You have plenty of time for a long comfortable lie in the bath followed by a TV dinner. You plant yourself on the sofa under your tablet, surfing the web while the vacuum sniffs and nudges around the corners of the living-room carpet, as the evening grows old along with your thoughts. Which, as usual, are increasingly bored and lonely. Burn-out is such an ugly turn of phrase, and in any case, it doesn’t quite fit; it’s more like you ran out of fuel halfway across the ocean, and you’re gliding now, the site of your crash landing approaching implacably but still hidden from you by the horizon of your retirement. That’s you in a nutshell, drifting slowly down towards lonely old age, the fires of ambition having flamed out years ago.

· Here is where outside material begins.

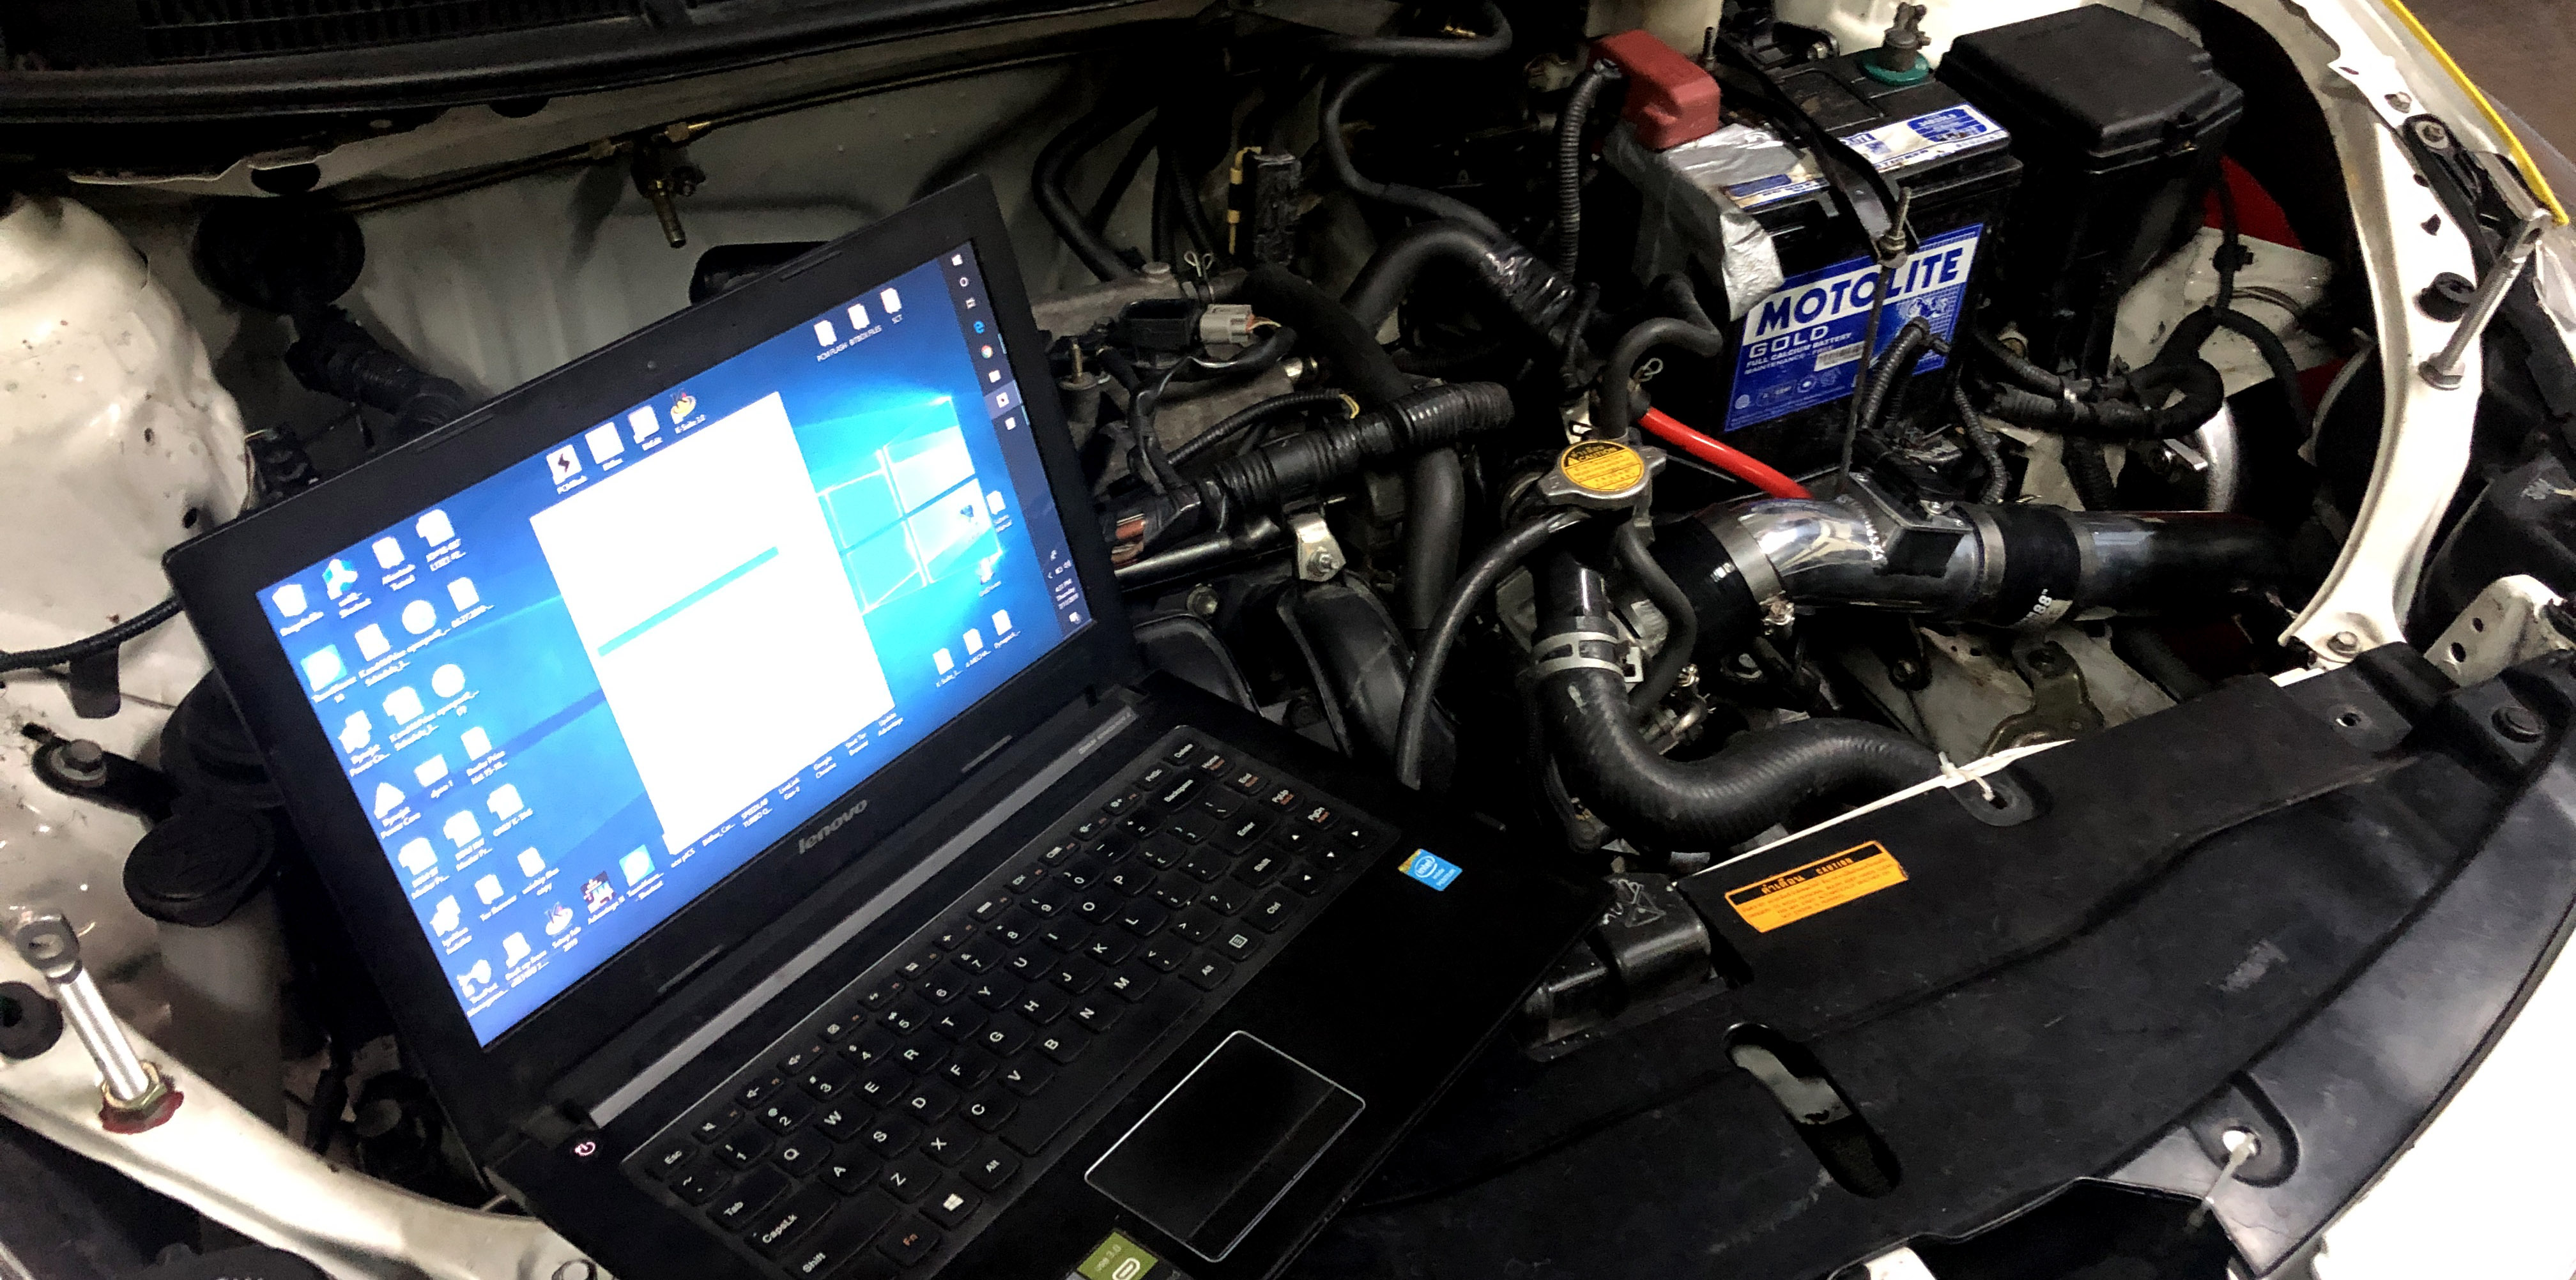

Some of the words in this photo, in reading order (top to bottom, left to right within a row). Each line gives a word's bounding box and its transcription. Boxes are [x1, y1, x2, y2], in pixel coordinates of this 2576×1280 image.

There was a time when, after working hours, you’d be off to the gym or auditing a distance-learning course or some other worthy pursuit. But these days, it’s hard to see the point anymore.

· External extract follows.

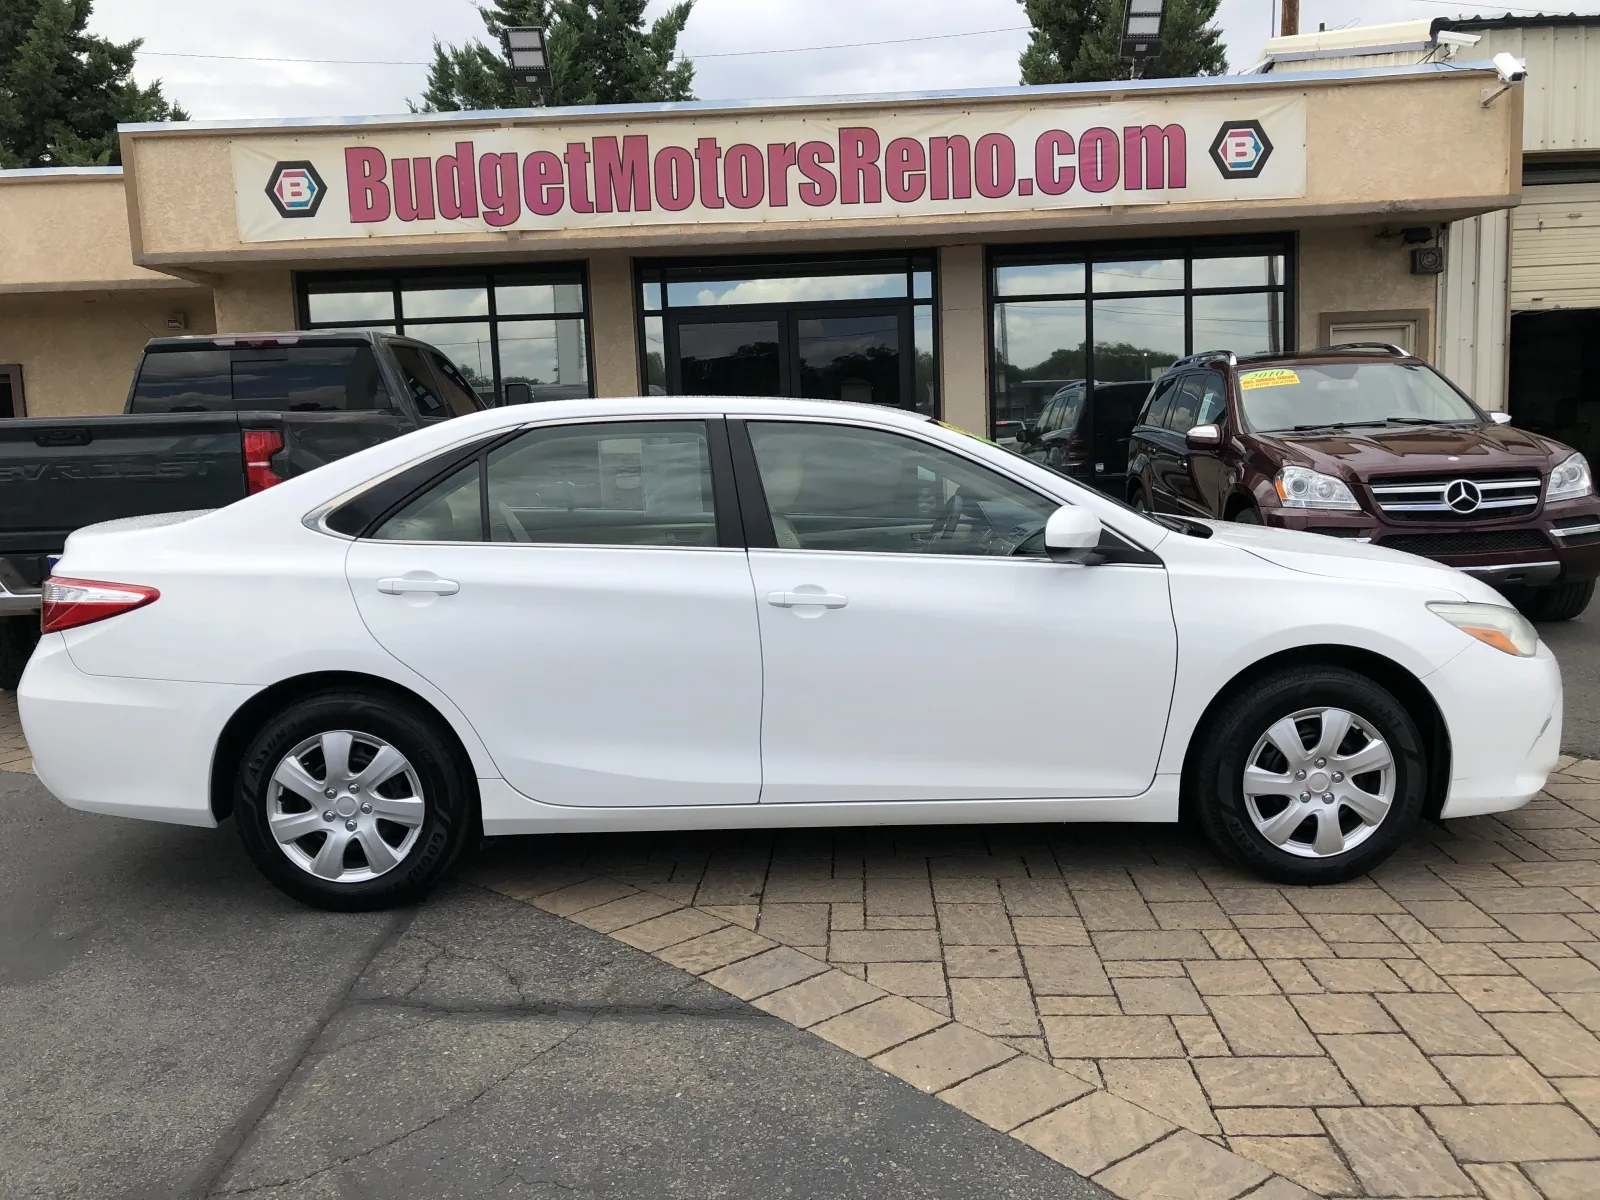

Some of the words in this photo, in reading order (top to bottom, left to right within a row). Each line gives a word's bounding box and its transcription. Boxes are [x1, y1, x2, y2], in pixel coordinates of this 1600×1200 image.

The sad truth, which only dawned on you after you were fifteen years down this path, is that it doesn’t mean anything. Your job, your vocation, your life’s calling—you’re like a priest who awakens one day and realizes that his god has been replaced by a cardboard cut-out, and he’s no longer able to ignore his own disbelief. And, like the priest, you’ve sacrificed all hope of a normal life on the altar of something you no longer believe in.
Heaven knows, it’s not as if the job doesn’t need doing. Fifteen years in the force has taught you more about the stupid, petty, vicious idiocy of your fellow humans than you ever wanted to know. (It’s also startled you—very occasionally—with their generosity, intelligence, and altruism. Very occasionally.)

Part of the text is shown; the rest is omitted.